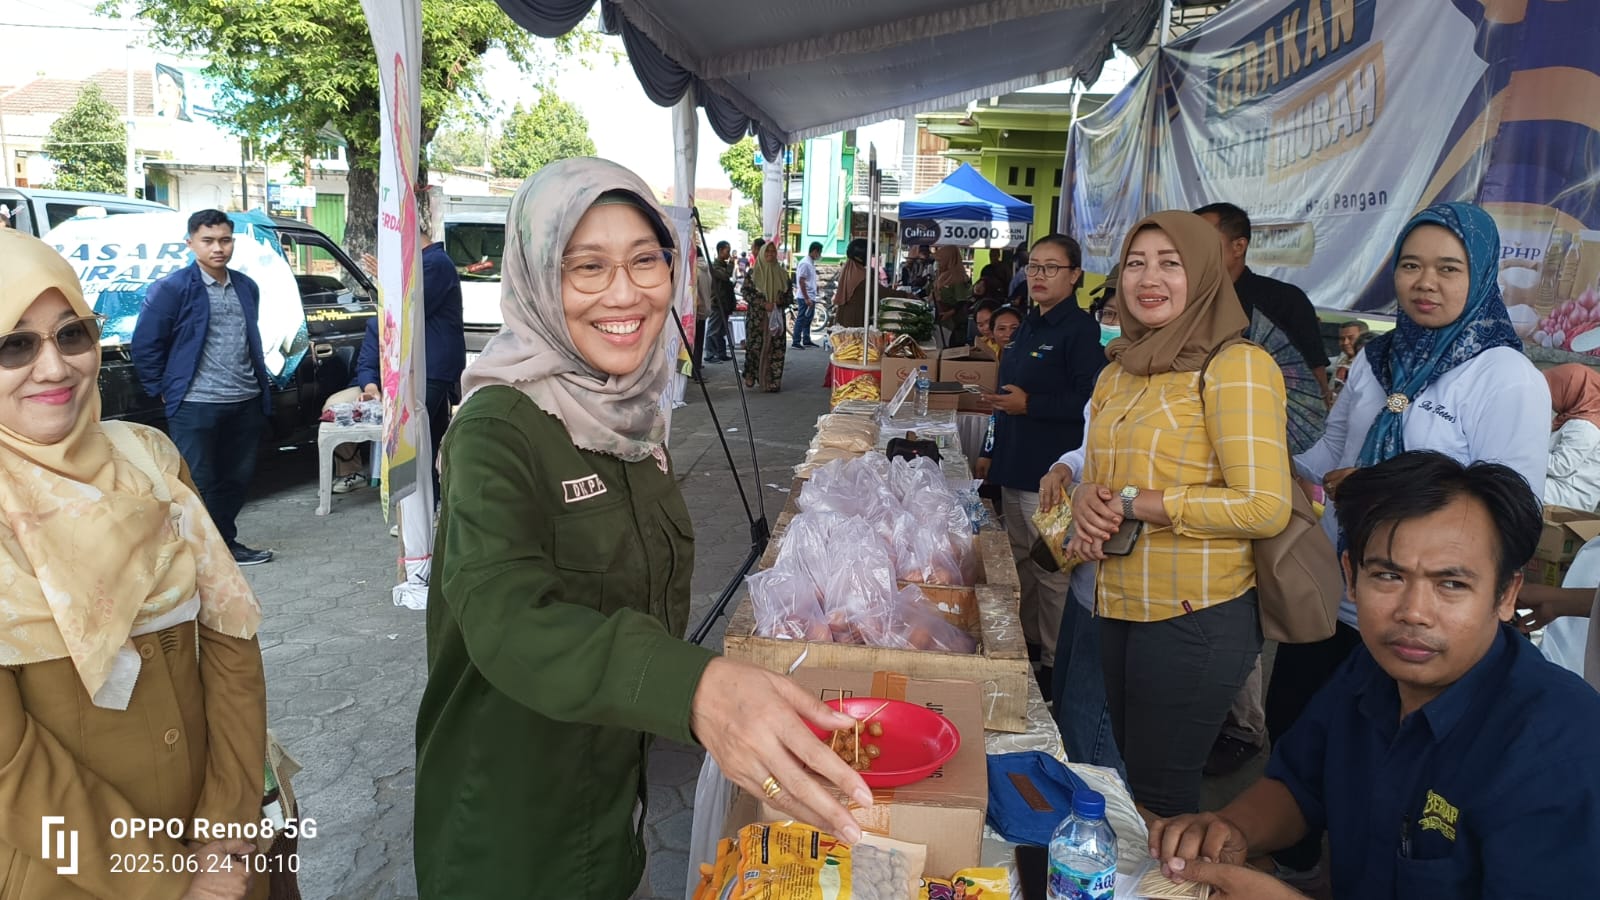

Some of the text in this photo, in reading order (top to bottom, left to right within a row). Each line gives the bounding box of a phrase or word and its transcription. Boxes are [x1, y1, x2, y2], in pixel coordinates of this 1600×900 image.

[1271, 62, 1377, 172] MURAH
[1333, 190, 1387, 212] Pangan
[943, 226, 999, 241] 30.000
[1501, 245, 1541, 261] PHP
[80, 264, 182, 281] RAH
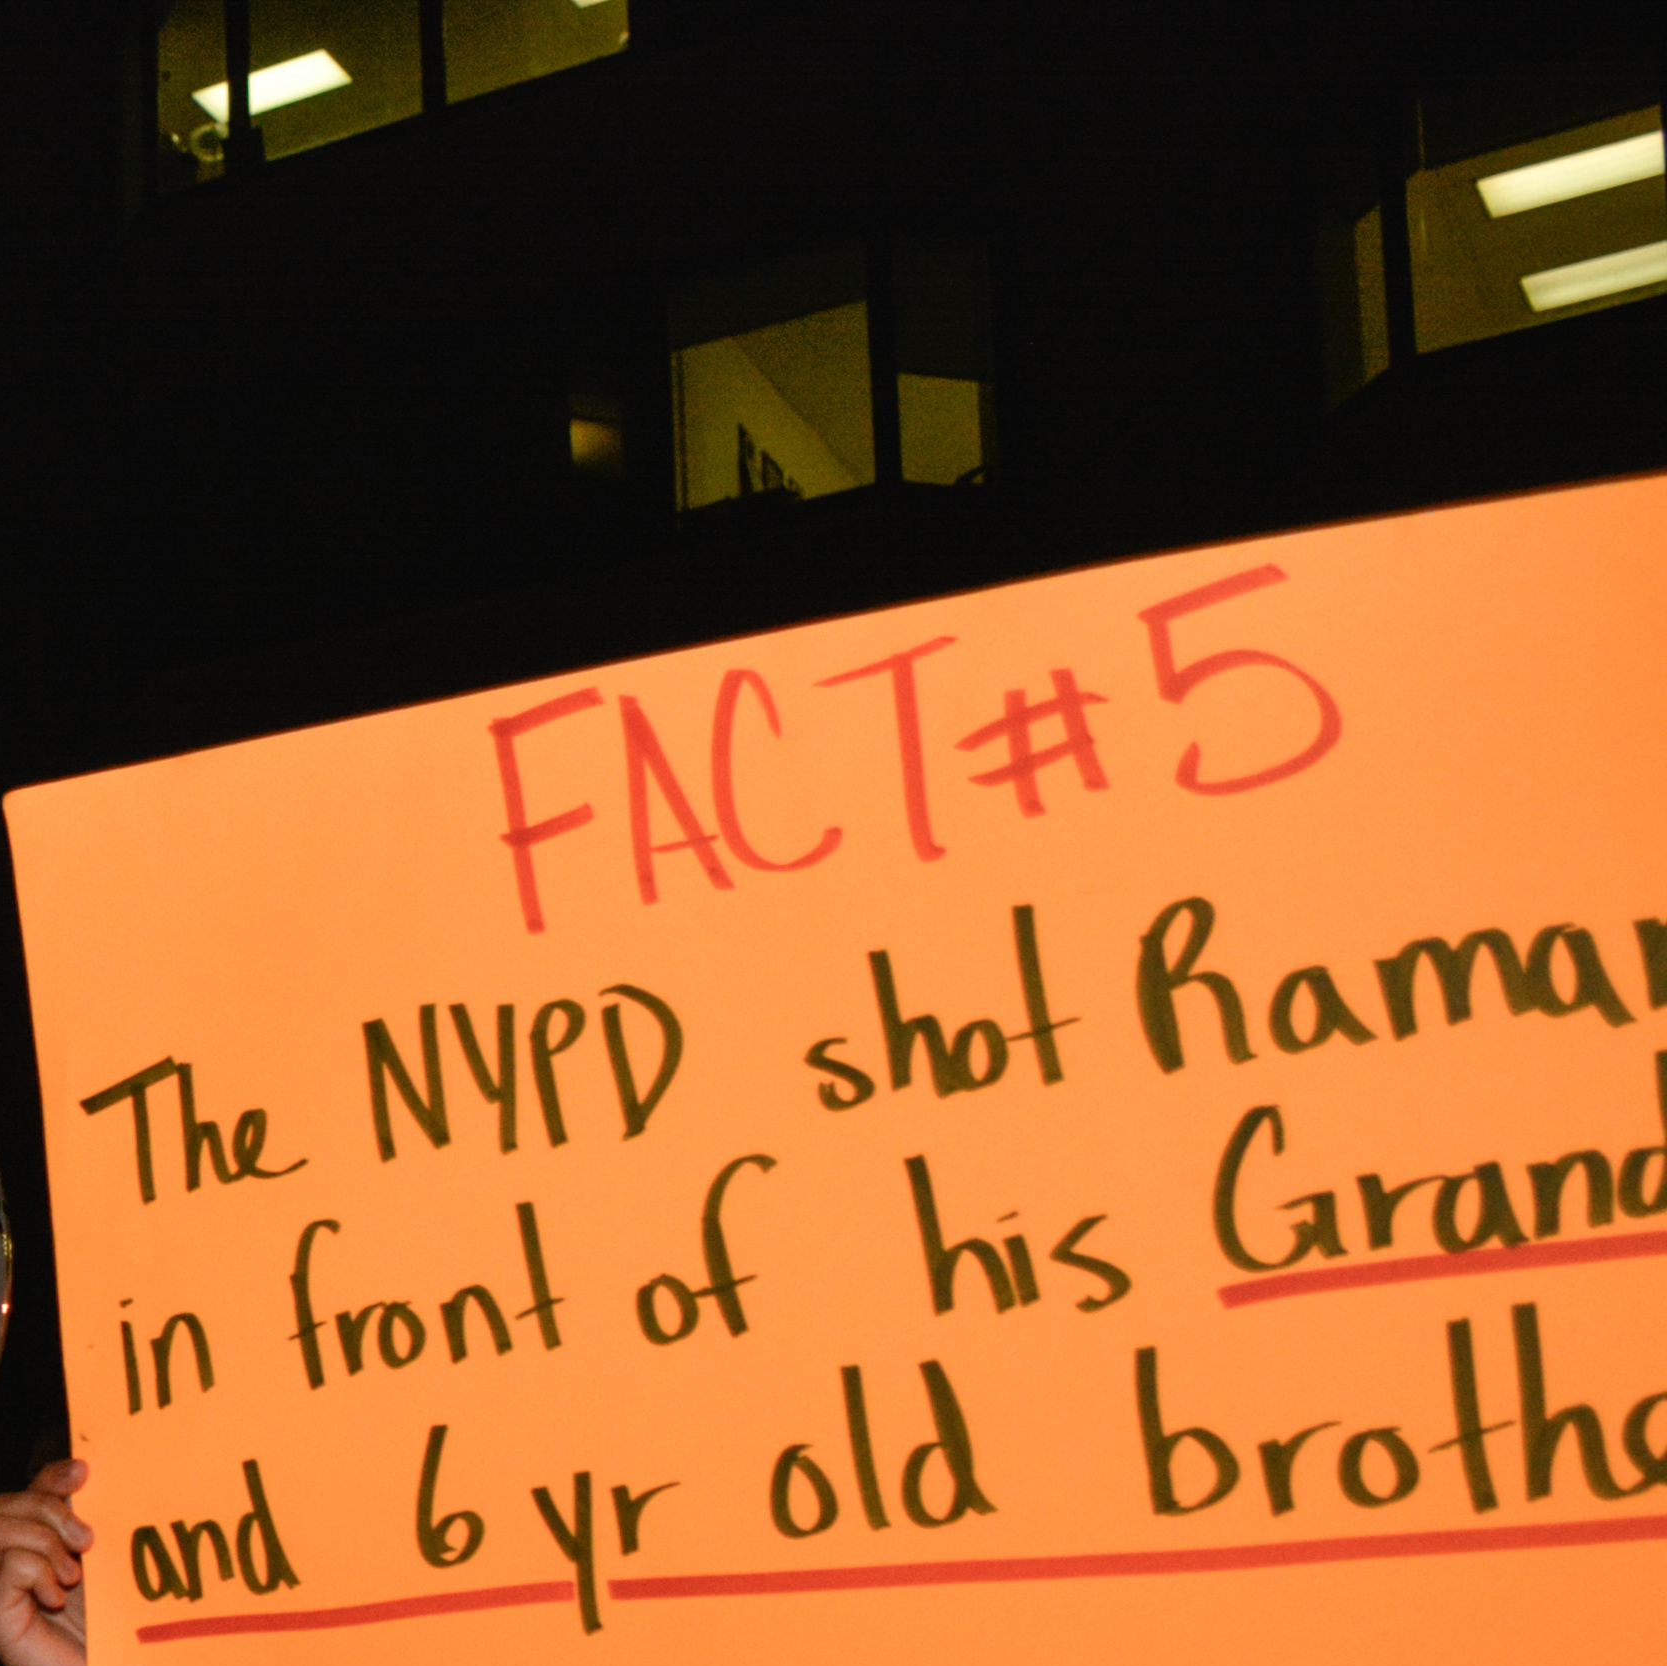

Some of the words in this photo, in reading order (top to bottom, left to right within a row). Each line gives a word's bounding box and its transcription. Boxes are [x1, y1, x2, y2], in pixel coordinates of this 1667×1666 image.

[79, 1054, 309, 1206] The
[362, 981, 685, 1165] NYPD
[803, 903, 1081, 1114] shot
[120, 1299, 215, 1418] in
[288, 1201, 566, 1394] front
[635, 1153, 778, 1351] of
[907, 1155, 1133, 1318] his
[129, 1460, 300, 1607] and
[414, 1424, 486, 1570] 6
[531, 1469, 681, 1636] yr
[768, 1360, 997, 1541] old
——
■ ABOUT THIS TASK ■
This task calls for the listing to be restated exactly, with images omitted.

■ TASK OUTPUT ■
Some of the text in this photo, in reading order (top to bottom, left to right within a row). Each line gives the bounding box of a phrase or word and its transcription. Boxes are [x1, y1, x2, y2], in pixel coordinates of this 1600×900 image.

[1271, 62, 1377, 172] MURAH
[1333, 190, 1387, 212] Pangan
[943, 226, 999, 241] 30.000
[1501, 245, 1541, 261] PHP
[80, 264, 182, 281] RAH

Some of the words in this photo, in reading order (top to bottom, left to right within a row). Each line gives a word's bounding box and its transcription. Boxes are [x1, y1, x2, y2], in pixel coordinates of this 1667×1666 image.

[79, 1054, 309, 1206] The
[362, 981, 685, 1165] NYPD
[803, 903, 1081, 1114] shot
[120, 1299, 215, 1418] in
[288, 1201, 566, 1394] front
[635, 1153, 778, 1351] of
[907, 1155, 1133, 1318] his
[129, 1460, 300, 1607] and
[414, 1424, 486, 1570] 6
[531, 1469, 681, 1636] yr
[768, 1360, 997, 1541] old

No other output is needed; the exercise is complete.